Spufford asked him if his reading had been about catharsis. Perhaps for some of those choices, he conceded. Oakley spoke of two lessons learned from lockdown. One is “I am an incarnational Christian” in opposition to the way we’ve all now been reduced to screens, abstract and nonmobile. And secondly, “Don’t be prosaic.” He called literalism a curse and decried the thinness of binary views of the world. “Literature is always challenging your answers, asking who you are when you get beyond what you’re good at.” I thought that was an excellent point, as was his bottom line about books: “It’s not how many you get through, but how many get through to you.”
Gavin Francis in Conversation with Louise Welsh
(Wellcome Collection event, February 25th)
Francis, a medical doctor, wrote Intensive Care (I reviewed it here) month by month and sent chapters to his editor as he went along. Its narrative begins barely a year ago and yet it was published in January – a real feat given the usual time scale of book publishing. It was always meant to have the urgent feel of journalism, to be a “hot take,” as he put it, about COVID-19. He finds writing therapeutic; it helps him make sense of and process things as he looks back to the ‘before time’. He remembers first discussing this virus out of China with friends at a Burns Night supper in January 2020. Francis sees so many people using their “retrospecto-scopes” this year and asking what we might have done differently, if only we’d known.

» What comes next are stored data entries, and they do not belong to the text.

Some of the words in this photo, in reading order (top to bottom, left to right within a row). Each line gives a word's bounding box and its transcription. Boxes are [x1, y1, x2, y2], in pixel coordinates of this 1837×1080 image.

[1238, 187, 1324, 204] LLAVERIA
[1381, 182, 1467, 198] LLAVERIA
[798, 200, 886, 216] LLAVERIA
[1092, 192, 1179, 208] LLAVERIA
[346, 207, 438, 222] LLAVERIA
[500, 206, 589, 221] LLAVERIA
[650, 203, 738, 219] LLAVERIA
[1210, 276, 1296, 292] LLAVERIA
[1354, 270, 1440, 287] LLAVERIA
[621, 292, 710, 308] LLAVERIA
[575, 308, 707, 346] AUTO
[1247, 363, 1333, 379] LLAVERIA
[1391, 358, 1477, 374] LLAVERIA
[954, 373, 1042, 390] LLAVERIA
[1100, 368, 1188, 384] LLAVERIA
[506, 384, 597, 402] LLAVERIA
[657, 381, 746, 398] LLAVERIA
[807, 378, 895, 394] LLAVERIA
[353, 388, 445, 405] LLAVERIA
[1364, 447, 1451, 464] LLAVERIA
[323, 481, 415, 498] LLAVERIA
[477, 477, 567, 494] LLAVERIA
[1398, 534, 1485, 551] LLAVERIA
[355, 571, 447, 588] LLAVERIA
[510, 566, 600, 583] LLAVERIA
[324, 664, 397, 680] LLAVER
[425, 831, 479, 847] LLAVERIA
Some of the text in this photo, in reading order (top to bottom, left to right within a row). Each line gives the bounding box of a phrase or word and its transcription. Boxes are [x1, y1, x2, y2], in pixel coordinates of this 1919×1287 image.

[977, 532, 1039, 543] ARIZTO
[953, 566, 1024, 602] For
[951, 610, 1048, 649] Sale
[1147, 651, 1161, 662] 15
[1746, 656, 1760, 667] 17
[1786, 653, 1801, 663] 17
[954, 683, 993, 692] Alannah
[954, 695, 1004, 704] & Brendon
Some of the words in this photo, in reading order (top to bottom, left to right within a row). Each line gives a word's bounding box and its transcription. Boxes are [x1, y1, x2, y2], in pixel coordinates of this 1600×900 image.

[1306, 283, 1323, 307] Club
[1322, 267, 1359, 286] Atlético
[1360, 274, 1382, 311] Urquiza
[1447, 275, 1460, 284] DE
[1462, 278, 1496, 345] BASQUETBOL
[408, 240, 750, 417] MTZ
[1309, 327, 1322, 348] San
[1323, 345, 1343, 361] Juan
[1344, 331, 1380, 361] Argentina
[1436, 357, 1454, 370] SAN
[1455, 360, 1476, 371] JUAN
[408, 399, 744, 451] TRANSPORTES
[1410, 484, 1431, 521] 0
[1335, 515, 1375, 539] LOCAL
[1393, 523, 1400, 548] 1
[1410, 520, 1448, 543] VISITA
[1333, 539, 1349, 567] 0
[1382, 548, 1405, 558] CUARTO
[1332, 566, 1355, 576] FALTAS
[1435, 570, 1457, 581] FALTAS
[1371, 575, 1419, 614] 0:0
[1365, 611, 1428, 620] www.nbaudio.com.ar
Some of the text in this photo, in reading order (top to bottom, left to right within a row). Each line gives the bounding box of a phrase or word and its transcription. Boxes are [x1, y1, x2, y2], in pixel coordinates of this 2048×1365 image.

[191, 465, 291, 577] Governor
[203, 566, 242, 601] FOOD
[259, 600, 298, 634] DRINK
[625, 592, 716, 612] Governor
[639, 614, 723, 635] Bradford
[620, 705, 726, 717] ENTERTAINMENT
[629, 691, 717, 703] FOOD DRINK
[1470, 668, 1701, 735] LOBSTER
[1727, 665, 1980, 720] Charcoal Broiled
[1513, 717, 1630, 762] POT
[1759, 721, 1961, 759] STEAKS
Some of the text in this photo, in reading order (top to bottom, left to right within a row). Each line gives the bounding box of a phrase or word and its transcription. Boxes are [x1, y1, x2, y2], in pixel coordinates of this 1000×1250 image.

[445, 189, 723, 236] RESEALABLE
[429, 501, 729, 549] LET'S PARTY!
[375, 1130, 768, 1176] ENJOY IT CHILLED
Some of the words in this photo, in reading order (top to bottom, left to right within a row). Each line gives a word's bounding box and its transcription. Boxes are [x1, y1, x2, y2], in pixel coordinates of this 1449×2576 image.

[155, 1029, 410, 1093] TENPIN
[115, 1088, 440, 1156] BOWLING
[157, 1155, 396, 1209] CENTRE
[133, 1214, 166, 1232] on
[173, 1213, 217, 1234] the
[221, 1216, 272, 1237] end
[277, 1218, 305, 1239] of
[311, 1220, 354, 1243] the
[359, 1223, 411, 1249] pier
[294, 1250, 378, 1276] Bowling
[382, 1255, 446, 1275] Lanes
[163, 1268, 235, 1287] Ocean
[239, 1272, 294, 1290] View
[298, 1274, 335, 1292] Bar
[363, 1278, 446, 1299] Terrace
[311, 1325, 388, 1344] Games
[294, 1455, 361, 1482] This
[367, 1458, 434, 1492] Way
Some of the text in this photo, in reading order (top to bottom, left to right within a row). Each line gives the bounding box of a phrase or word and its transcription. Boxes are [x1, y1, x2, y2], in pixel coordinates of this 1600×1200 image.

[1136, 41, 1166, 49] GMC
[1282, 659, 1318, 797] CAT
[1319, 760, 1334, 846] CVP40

He shook his head over the unnatural situations that Covid has forced us all into: “we’re gregarious mammals” and yet the virus is spread by voice and touch, so those are the very things we have to avoid. GP practices have had to fundamentally change how they operate, and he foresees telephone triage continuing even after the worst of this is over. He’s noted a rise in antidepressant use over the last year. So the vaccine, to him, is like “liquid hope”; even if not 100% protective, it does seem to prevent deaths and ventilation. Vaccination is like paying for the fire service, he said: it’s not a personal medical intervention but a community thing. This talk didn’t add a lot for me as I’d read the book, but for those who hadn’t, I’m sure it would have been an ideal introduction – and I enjoyed hearing the Scottish accents.
Bookish online events coming up soon: The Rathbones Folio Prize announcement on the 24th and Claire Fuller’s book launch for Unsettled Ground on the 25th.